Album Review: Trapper’s Alley 3: Hell or High Water by Boldy James & Nicholas Craven
A murdered brother and ten killers loose before summer open the record, and the punchlines never outrun the grief. It’s the heaviest Boldy James and Craven have sounded together.
After three albums in as many years with the same producer, a lot of rappers settle into a comfortable groove, their bars smoothed over with the wear of familiar soul samples. But Nicholas Craven, Montreal beatsmith and Boldy James, is on a one-way trip to somewhere much colder. On Fair Exchange No Robbery, Penalty of Leadership, and many, many more albums in between, Boldy has treated Craven’s loops and beats less like a canvas and more like padded cells where the darkness he has encountered and is destined to confront can be safely put away without requiring a change of pace. With Trapper’s Alley 3: Hell or High Water, Boldy James continues the 2013 series with its most barren, icy season: one where the winter chill of Wayne County comes with a body count as quickly mounting as the sun descends, leaving behind cold earth and the knocking of blue lights at the door.

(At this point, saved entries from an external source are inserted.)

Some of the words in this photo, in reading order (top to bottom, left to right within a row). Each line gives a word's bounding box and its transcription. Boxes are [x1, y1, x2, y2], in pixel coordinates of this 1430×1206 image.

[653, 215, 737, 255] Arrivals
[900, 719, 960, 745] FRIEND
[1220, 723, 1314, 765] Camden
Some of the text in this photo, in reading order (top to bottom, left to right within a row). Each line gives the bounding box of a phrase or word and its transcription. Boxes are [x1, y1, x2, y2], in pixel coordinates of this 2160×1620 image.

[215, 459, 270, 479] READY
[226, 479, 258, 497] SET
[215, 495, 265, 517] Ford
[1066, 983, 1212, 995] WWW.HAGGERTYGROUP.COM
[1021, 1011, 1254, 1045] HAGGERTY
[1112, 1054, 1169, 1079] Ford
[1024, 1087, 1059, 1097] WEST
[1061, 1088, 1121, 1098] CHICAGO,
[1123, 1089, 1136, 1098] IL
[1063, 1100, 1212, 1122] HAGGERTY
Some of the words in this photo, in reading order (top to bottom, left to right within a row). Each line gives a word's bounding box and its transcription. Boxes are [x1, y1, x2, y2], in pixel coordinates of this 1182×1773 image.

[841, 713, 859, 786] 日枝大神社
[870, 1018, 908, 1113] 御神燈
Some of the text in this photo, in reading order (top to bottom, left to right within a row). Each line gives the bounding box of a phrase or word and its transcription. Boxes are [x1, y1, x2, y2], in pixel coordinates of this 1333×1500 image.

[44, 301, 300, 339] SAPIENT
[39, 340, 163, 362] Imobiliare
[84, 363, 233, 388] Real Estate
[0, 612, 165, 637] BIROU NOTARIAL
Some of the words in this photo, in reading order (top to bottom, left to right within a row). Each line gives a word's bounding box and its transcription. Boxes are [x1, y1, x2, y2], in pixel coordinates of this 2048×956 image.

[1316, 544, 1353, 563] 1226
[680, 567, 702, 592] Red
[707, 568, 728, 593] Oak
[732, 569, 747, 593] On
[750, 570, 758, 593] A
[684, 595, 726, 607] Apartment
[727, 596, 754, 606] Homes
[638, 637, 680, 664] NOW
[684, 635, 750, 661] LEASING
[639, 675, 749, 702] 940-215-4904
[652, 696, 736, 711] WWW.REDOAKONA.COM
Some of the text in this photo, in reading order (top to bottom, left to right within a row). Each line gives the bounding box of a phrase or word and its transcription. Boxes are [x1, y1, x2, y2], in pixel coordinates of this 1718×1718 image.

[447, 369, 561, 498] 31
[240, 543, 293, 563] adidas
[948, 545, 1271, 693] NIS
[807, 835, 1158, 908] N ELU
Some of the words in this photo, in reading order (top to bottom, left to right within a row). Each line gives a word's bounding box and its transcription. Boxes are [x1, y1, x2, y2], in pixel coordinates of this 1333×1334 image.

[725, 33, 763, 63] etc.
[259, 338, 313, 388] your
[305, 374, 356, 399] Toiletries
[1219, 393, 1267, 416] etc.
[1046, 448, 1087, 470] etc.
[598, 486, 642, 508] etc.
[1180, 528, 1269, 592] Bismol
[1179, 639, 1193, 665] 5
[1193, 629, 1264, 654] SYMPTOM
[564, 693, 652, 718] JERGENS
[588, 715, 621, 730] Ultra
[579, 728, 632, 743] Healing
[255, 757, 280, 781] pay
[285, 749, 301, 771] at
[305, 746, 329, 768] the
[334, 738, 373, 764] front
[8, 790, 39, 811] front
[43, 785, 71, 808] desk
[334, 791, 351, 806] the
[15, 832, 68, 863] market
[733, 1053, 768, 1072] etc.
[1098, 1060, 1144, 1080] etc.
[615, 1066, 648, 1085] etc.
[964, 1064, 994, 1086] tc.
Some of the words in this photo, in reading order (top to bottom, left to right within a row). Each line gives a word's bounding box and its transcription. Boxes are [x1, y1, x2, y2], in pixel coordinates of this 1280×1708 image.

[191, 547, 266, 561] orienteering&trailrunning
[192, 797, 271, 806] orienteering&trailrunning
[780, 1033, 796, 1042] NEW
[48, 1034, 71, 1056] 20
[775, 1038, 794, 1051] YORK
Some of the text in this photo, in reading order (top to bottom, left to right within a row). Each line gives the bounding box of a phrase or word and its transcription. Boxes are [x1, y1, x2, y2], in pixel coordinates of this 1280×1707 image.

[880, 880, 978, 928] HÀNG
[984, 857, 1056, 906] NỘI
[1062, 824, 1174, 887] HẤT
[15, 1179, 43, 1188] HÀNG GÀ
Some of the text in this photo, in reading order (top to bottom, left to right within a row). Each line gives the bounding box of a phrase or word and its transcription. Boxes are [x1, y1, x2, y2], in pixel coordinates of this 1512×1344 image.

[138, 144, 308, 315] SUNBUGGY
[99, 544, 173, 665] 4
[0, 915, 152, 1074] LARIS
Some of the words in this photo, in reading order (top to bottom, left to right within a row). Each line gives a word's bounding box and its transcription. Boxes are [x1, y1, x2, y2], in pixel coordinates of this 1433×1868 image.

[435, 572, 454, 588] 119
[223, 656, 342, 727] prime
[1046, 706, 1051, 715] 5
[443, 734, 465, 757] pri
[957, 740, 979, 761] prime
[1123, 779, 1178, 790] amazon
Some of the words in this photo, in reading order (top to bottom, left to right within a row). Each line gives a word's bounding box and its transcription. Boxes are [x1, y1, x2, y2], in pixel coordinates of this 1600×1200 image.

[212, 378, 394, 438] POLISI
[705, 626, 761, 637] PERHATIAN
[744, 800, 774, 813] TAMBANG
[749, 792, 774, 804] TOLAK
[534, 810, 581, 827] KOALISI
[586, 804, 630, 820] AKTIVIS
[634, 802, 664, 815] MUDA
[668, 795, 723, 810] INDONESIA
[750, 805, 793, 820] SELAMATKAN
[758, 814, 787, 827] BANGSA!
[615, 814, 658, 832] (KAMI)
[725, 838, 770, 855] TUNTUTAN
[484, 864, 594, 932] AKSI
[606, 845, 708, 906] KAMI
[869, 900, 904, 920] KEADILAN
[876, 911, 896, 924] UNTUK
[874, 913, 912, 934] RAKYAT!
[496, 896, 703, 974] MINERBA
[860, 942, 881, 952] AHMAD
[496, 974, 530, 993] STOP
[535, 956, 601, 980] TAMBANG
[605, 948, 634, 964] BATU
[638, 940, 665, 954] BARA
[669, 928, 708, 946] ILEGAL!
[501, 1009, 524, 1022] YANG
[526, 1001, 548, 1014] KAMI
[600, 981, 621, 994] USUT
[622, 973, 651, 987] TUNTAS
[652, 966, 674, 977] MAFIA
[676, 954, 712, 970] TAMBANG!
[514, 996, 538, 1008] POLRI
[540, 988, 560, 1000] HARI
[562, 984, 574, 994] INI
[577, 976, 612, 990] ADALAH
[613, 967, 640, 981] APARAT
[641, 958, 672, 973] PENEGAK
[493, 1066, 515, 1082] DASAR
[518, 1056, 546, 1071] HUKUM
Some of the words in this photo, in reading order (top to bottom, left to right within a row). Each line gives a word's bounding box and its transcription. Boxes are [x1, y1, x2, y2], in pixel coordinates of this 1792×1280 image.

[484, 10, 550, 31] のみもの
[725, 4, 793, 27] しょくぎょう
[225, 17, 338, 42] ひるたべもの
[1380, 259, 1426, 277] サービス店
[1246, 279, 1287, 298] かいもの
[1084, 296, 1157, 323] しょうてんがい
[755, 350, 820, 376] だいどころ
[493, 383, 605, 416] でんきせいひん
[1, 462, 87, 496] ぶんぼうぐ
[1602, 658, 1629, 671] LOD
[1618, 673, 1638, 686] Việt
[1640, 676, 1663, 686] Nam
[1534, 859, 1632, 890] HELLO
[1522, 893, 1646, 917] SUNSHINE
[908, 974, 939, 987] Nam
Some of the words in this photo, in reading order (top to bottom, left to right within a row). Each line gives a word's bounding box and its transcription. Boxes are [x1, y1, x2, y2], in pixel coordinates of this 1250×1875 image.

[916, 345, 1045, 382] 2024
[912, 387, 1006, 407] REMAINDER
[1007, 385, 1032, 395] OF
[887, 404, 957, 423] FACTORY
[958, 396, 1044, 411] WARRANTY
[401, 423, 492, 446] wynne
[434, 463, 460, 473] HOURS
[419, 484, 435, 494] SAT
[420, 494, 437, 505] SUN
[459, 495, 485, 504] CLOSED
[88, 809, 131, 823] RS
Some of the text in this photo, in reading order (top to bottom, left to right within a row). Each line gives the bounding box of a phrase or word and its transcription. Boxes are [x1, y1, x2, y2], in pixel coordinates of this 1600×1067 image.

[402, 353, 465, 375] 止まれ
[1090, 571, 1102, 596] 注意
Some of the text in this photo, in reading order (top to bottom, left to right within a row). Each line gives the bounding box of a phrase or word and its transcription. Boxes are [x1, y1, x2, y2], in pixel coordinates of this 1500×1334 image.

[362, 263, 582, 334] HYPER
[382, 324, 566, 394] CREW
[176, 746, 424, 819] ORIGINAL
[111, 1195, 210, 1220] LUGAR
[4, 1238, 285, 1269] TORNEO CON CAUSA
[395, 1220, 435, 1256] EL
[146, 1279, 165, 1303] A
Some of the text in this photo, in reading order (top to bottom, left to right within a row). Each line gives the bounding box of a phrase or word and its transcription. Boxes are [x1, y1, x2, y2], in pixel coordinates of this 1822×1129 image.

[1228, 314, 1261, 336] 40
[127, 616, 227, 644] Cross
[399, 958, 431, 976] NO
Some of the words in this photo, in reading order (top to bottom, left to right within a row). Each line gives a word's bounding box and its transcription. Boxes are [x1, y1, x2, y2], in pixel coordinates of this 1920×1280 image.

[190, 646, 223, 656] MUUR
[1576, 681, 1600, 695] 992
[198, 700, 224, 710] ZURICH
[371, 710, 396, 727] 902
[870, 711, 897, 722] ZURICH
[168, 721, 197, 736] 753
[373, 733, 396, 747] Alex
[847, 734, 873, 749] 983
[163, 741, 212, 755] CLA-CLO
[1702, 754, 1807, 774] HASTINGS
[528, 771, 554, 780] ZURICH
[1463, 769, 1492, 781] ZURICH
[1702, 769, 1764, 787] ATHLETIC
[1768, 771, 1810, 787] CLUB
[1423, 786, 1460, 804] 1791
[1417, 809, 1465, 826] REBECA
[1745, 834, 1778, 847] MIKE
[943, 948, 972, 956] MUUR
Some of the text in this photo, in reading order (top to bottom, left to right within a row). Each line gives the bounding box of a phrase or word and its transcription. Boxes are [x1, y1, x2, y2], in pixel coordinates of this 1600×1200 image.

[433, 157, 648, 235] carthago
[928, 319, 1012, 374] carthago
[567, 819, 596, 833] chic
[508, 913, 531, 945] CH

“I ain’t thinking ’bout no pussy, I got murder on my mind,” Boldy declared earlier on “Summer’s Eve” not just in a fit of rage but a deep-seated pain: “Them cowards killed my brother, that was my realest plug/Found my nigga dead, now my head more fucked up than it was.” “Mama Maxine,” goes a level deeper, pushing the raw trauma back a generation, with 218Bojay doing more than enough justice to a hook that will likely carry the weight of the album’s most devastating moment: “Grandma was my angel, but my mama raised a demon child,” and Boldy, “My little brother got shot right down the hall from Jessica, eight houses down from your door,” as calm, cool and ineffectual as ever—a coroner reading a death report from behind a veil of unexpressive monotone.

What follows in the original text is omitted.